Voyage au cœur d’une nouvelle aventure éditoriale

Stefan Van Dinther & Tobias Schalken, éd. Frémok

Au carrefour de la narration et des arts plastiques, la bande dessinée se réinvente constamment. Tant du point de vue graphique que de l’objet lui-même. Plus de bulles ni de cases, mais des planches désormais dignes des toiles de maître, des ouvrages cubiques voire interactifs. Qui sont ces auteurs et éditeurs qui ont choisi de raconter des histoires autrement ? Voyage au cœur d’une nouvelle aventure éditoriale.

La bande dessinée classique, soit un bel album relié de 48 pages en couleur, alignant de sages vignettes et phylactères au service d’une narration linéaire, tremble sur ses bases. Certes, depuis près de quarante ans des discours de rupture se font entendre. Mais, cette fois plus que jamais, l’école belge associée à Hergé (la ligne claire*), est défiée par un « graphiquement incorrect », au-delà des genres répertoriés comme le manga, les comics et le roman graphique. Nombre d’auteurs ont radicalisé leur approche et ne se contentent plus des supports traditionnels – notamment le livre et l’album. Bien décidés à casser le moule, ils brouillent la frontière avec l’art contemporain. Ils conquièrent l’espace avec des volumes, des papiers peints, des vidéos et l’on admire désormais leurs œuvres au musée ou dans les biennales internationales.

 

Des noms ?

L’art contemporain et la BD se tournent autour depuis longtemps. On sait que Druillet a exploré avec réussite la sculpture et la peinture (il fut l’un des premiers auteurs de BD cotés sur le marché de l’art).
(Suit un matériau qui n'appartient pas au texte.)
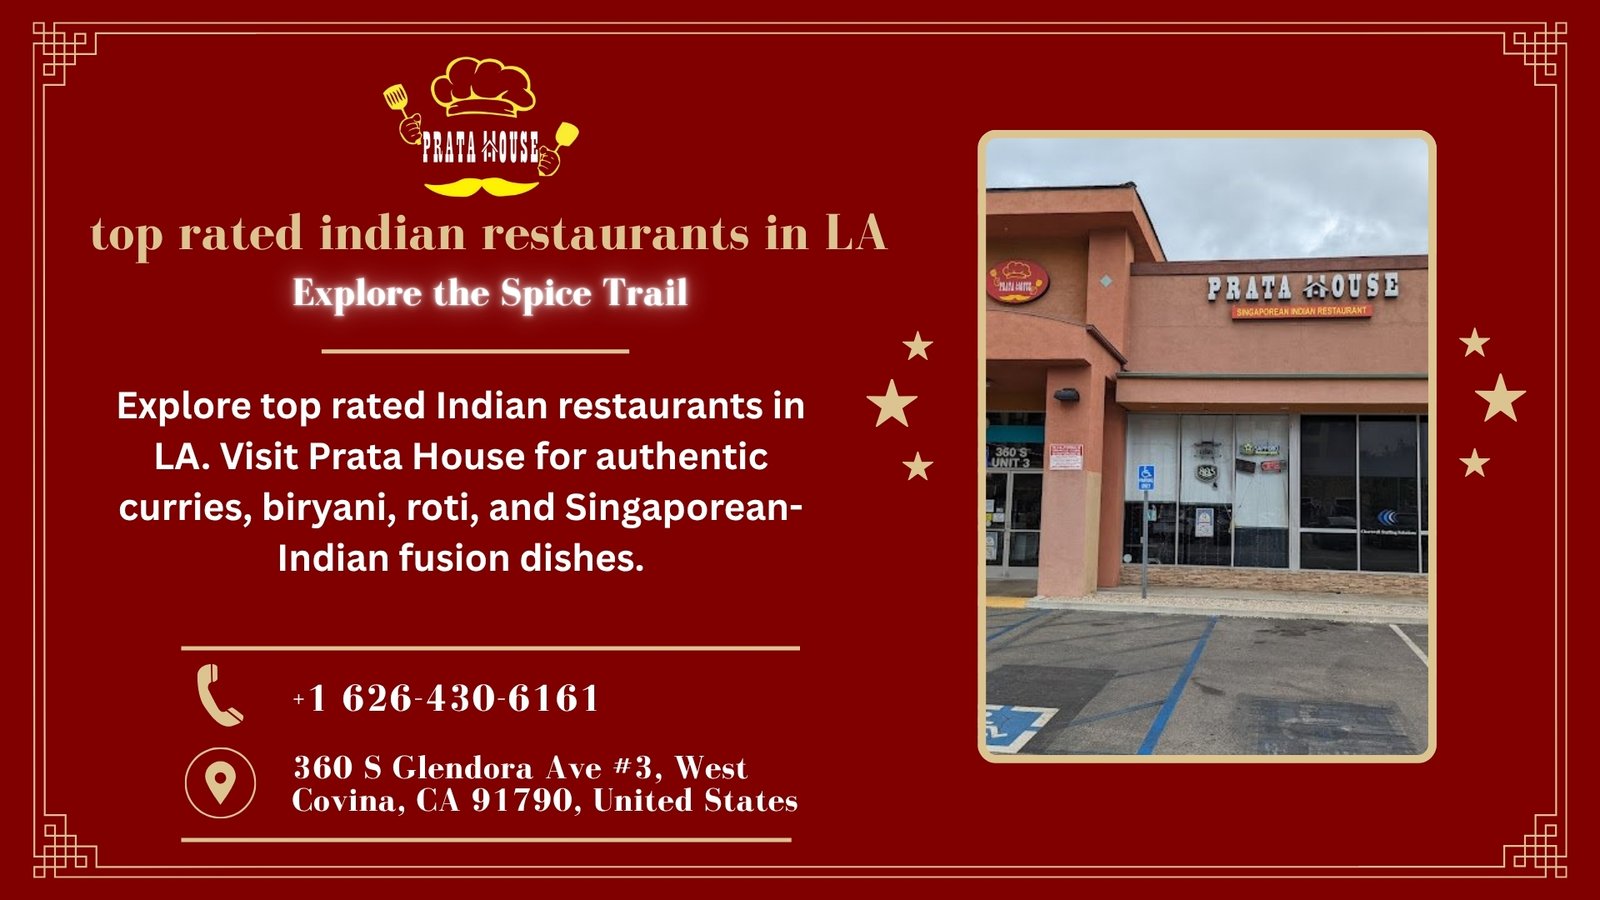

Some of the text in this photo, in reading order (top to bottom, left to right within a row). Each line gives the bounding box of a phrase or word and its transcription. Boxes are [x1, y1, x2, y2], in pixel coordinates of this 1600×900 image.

[1208, 272, 1399, 301] PRATA HOUSE
[1237, 306, 1367, 316] SINGAPOREAN INDIAN RESTAURANT
[995, 447, 1028, 457] 360 S
[992, 458, 1030, 468] UNIT 3
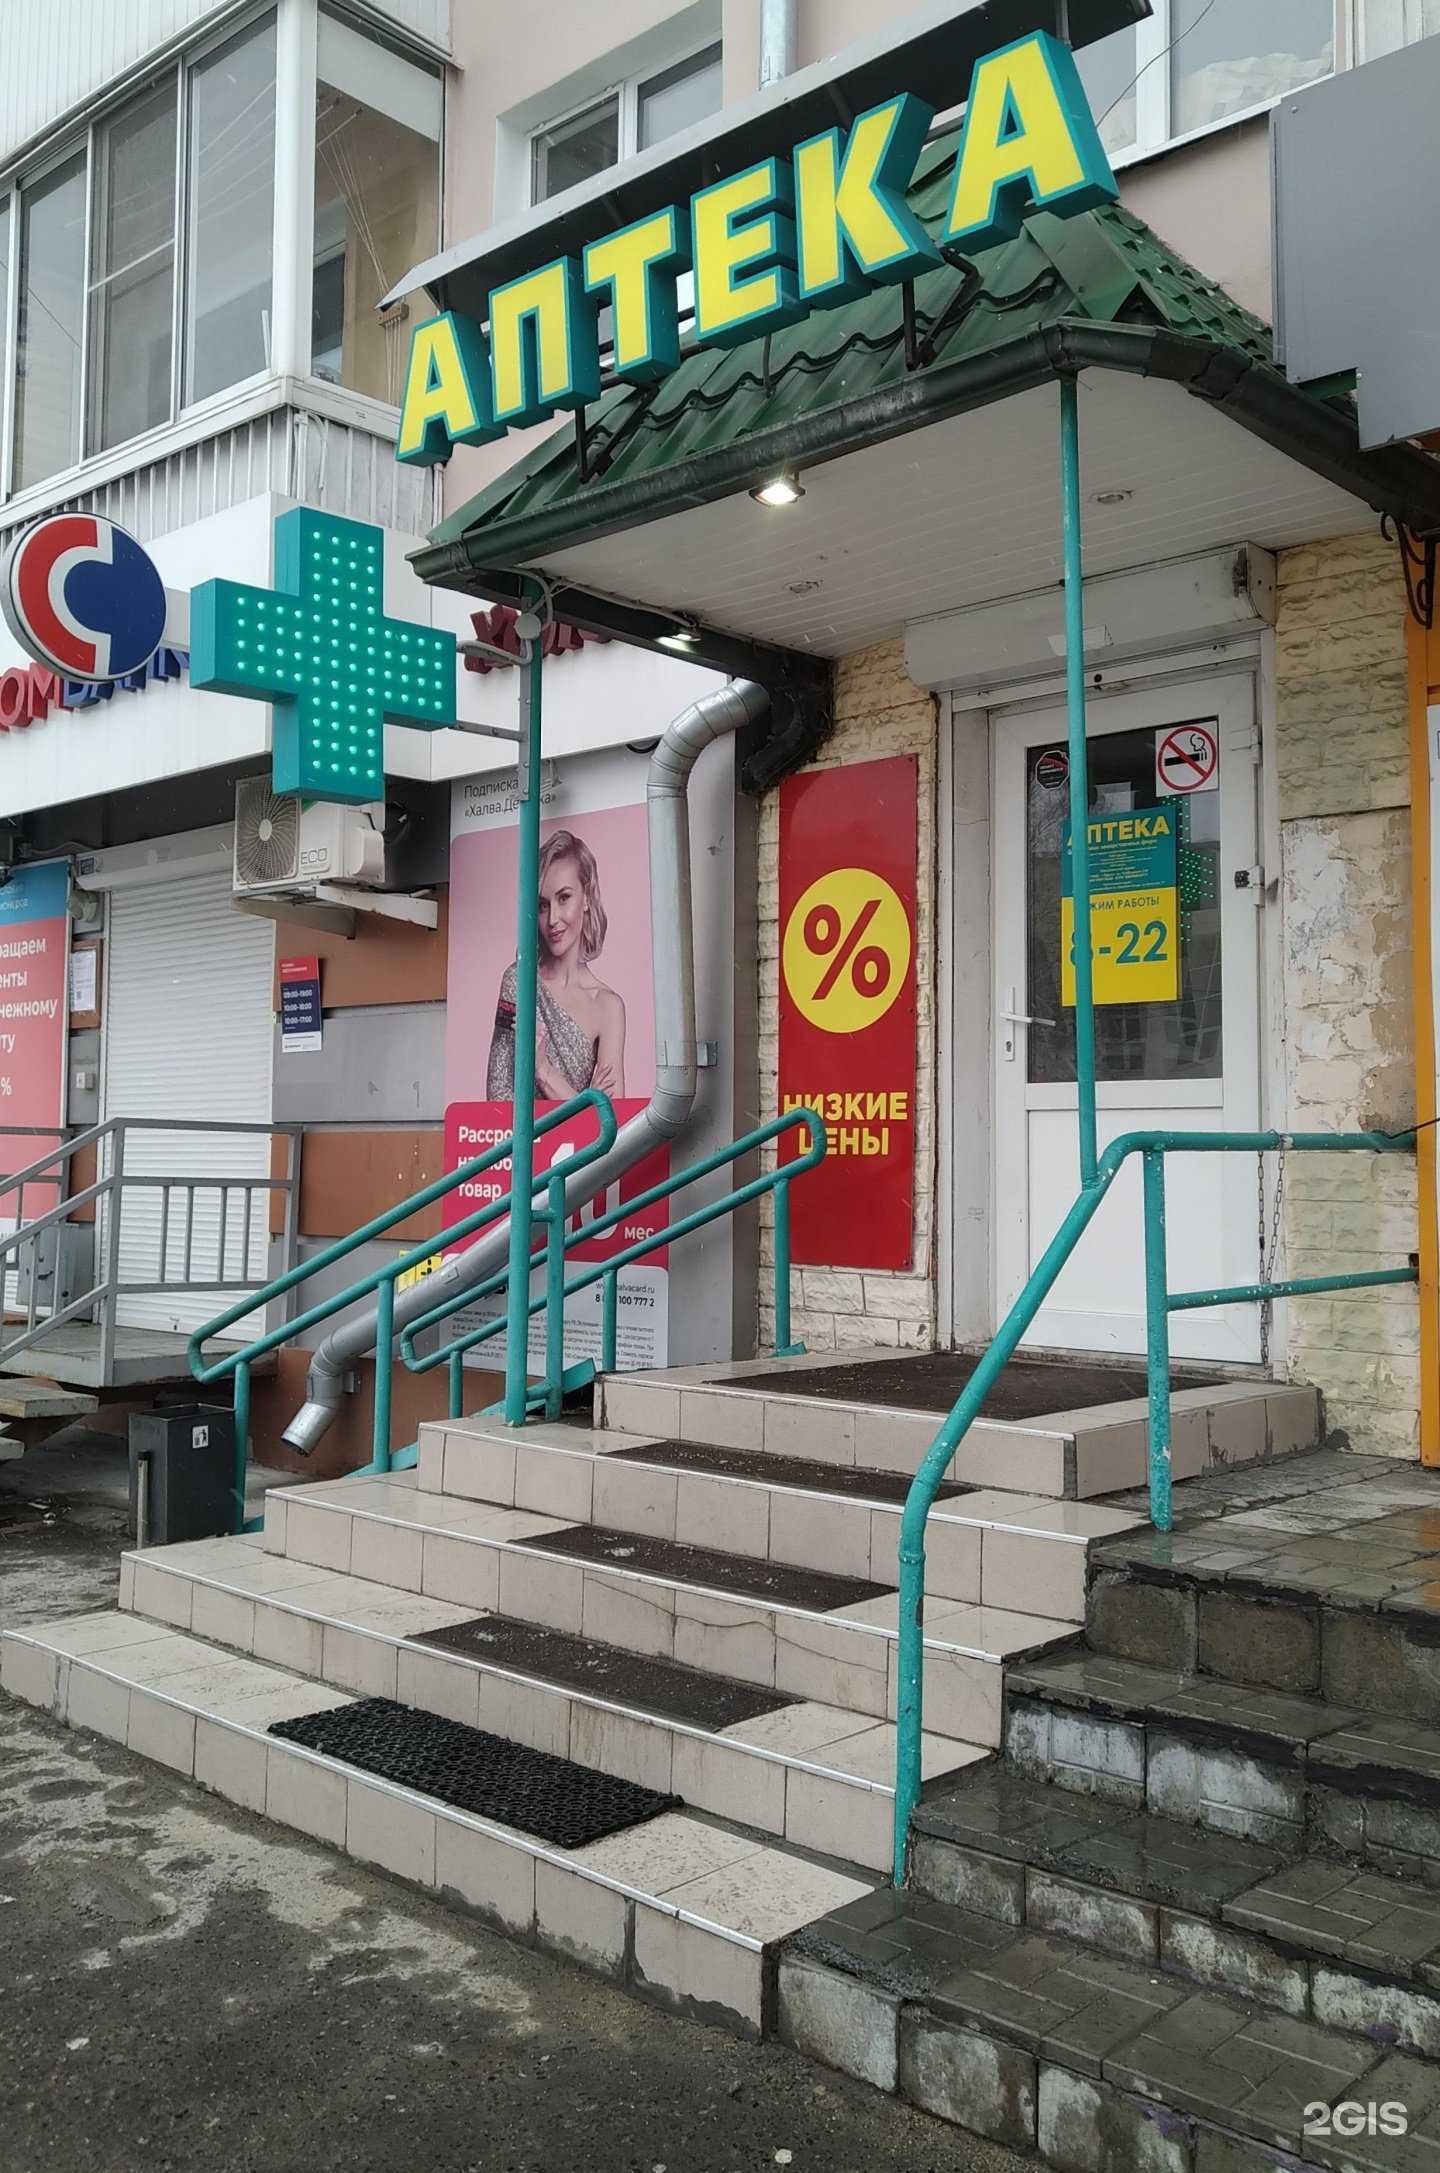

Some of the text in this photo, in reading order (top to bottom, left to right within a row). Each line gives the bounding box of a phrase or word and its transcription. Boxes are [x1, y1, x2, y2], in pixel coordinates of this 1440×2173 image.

[395, 28, 1120, 467] АПТЕКА
[464, 778, 519, 799] Подписка
[1067, 815, 1170, 847] ПТЕКА
[300, 847, 328, 865] ECO
[1117, 895, 1160, 909] РАБОТЫ
[0, 938, 46, 959] ащаем
[783, 1091, 908, 1121] НИЗКИЕ
[458, 1125, 542, 1147] Рассро
[458, 1182, 502, 1203] товар
[624, 1226, 655, 1241] мес
[618, 1295, 632, 1305] 100
[633, 1296, 648, 1306] 777
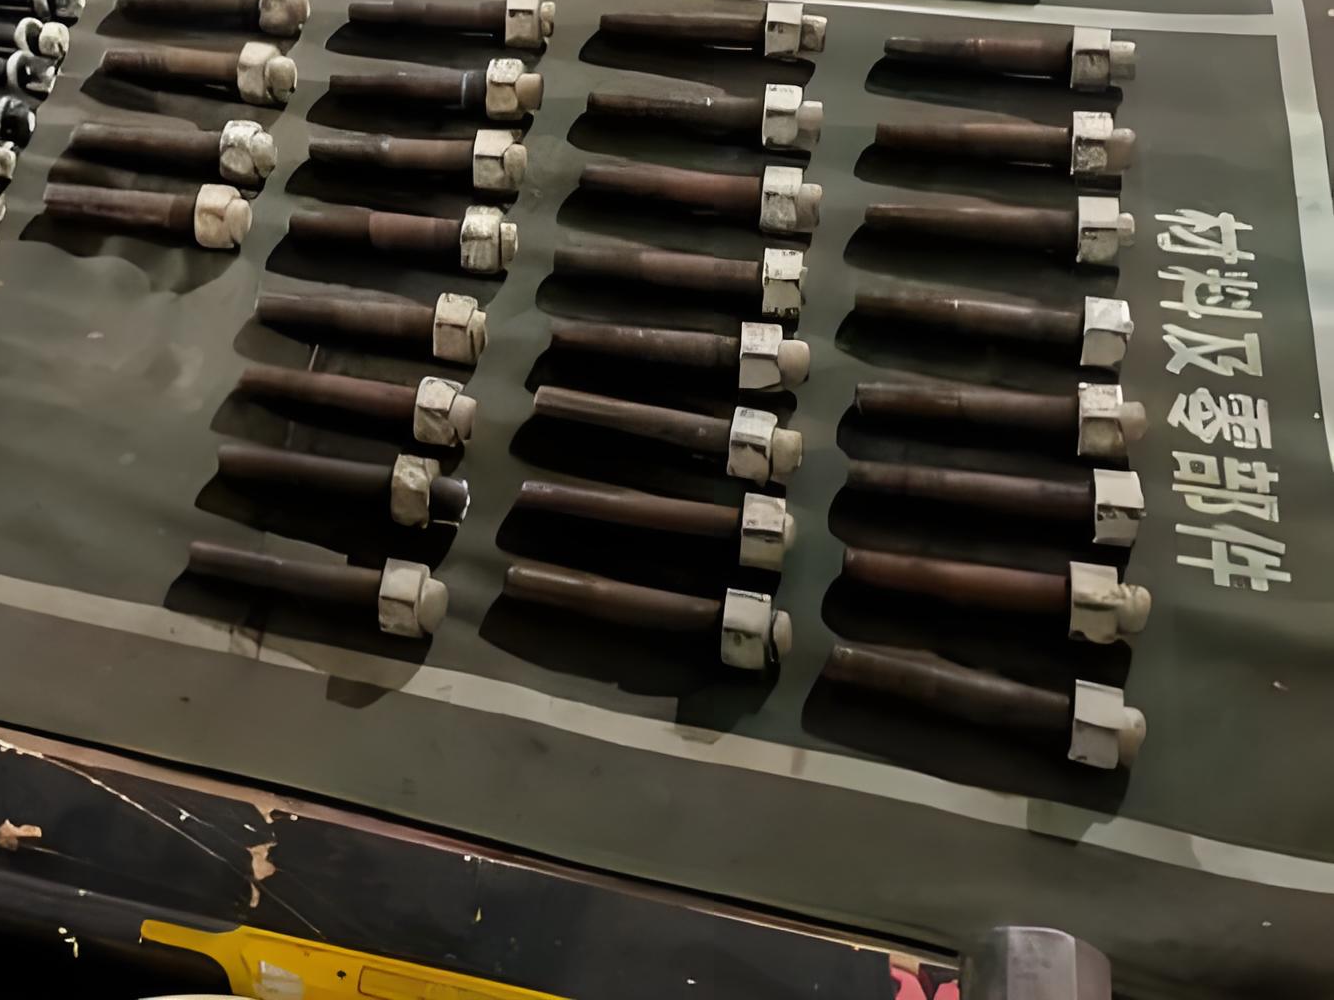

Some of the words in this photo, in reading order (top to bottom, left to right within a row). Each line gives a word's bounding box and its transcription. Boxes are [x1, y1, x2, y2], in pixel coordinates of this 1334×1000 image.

De son côté, Bilal dessine ses cases séparément, comme de petits tableaux avant de les assembler sur ordinateur pour former une planche… Mais désormais, le phénomène s’emballe, ces auteurs d’un nouveau genre sont récompensés de toutes parts. à l’image du jeune surdoué Brecht Evens, qui mêle l’aquarelle à la gouache, rivalise d’effets de matière et jongle à l’envi entre figuratif et abstrait. Le dernier festival d’Angoulême a aussi rendu hommage à Alex Barbier, qui a publié une dizaine d’ouvrages introduisant une technique picturale étonnante qu’il appelle « ligne brouillée». Grâce à un flacon de Correc-bille (produit capable d’effacer l’encre des stylos bille vendu dans les années 1980), il dilue ses couleurs, comme avec de l’eau de javel, et travaille avec des tons complètement inédits nous rappelant plus Francis Bacon que Gaston Lagaffe.

 

L’objet rare.

Au-delà du trait, le support luimême est remis en cause. Cartes à jouer qui déterminent des histoires mouvantes, lectures diverses en fonction du calque bleu ou rouge que l’on applique sur la page… Autant de pratiques ludiques où le lecteur devient un acteur de l’histoire. Dans ce domaine, les éditeurs L’Employé du moi, comme Frémok, multiplient les approches : livres carrés, longs, larges, format à l’italienne… Yannis La Macchia, éditeur chez Hécatombe, le confirme : « À travers ces expériences, nous souhaitons redonner une singularité au livre et le replacer au cœur du projet éditorial ». Le Cube, numéro C de la revue FZN, a d’ailleurs reçu le fauve de la BD alternative. Produit uniquement à 999 exemplaires (tous sérigraphiés), cet ouvrage de 900 pages est devenu un objet de collection.

 

Frontières.

Les « majors » de la bande dessinée ont également investi le marché de l’art – comme Glénat, qui a ouvert sa propre galerie. Vente de planches ou de tableaux, la BD attire les spéculateurs de tout poil. Face à eux, les éditeurs indépendants poursuivent leur travail à la marge. Notamment en se plaçant en dehors du circuit des concurrents plus aisés : galeries donc, mais aussi squats, événements publics… Il s’agit de s’ouvrir à d’autres milieux artistiques, quitte à gommer les frontières. « Nous cherchons à décloisonner ces petits milieux qui se frôlent sans se toucher », affirme Clément Vuillier des éditions 3 fois par jour. Yvan Alagbé, co-fondateur de Frémok, ne dit pas autre chose : « BD, arts plastiques, art contemporain… ce sont des critères qui s’opposent, alors que c’est la même chose. Ce n’est qu’une continuité, des pratiques de l’image ». Et une autre façon de raconter des histoires. Car là est l’essentiel.

 

* Ce terme a été inventé en 1977 par le dessinateur néerlandais Joost Swarte, à l’occasion de l’exposition Tintin de Rotterdam. Souvent utilisée pour désigner un style graphique peu exubérant, l’expression ligne claire correspond cependant à des choix précis et rigoureux, que peu de dessinateurs sont parvenus à épouser.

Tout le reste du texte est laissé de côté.